Return the data below in full and exactly, except that the pictures are dropped.

(Spatial localization data)
== Segment start ==

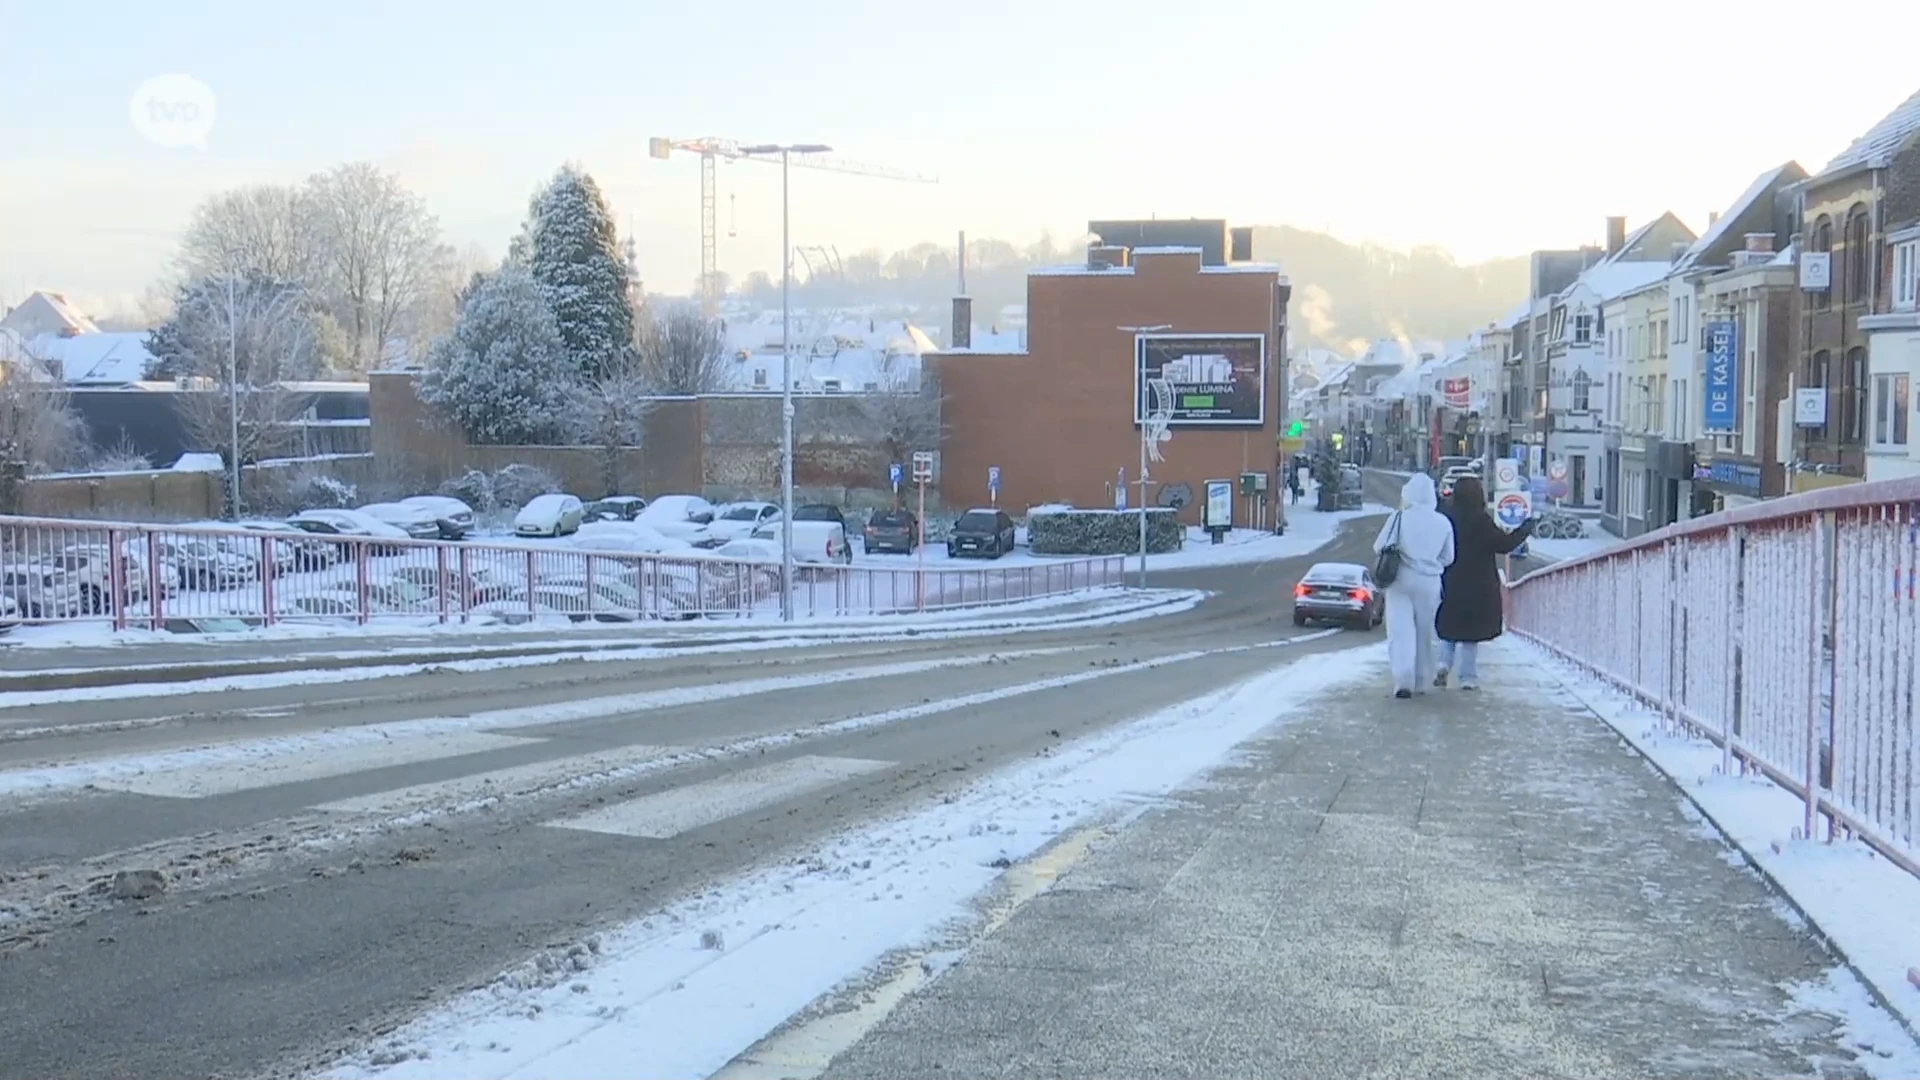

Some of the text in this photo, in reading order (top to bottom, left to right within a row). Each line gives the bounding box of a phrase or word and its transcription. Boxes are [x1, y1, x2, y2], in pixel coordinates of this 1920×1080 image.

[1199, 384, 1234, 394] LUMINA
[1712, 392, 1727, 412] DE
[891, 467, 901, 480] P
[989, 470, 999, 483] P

== Segment end ==

> Answer space
Some of the text in this photo, in reading order (top to bottom, left to right within a row). Each line gives the bounding box of a phrase or word and its transcription. Boxes are [x1, y1, x2, y2], in pixel coordinates of this 1920×1080 image.

[1199, 384, 1234, 394] LUMINA
[1712, 392, 1727, 412] DE
[891, 467, 901, 480] P
[989, 470, 999, 483] P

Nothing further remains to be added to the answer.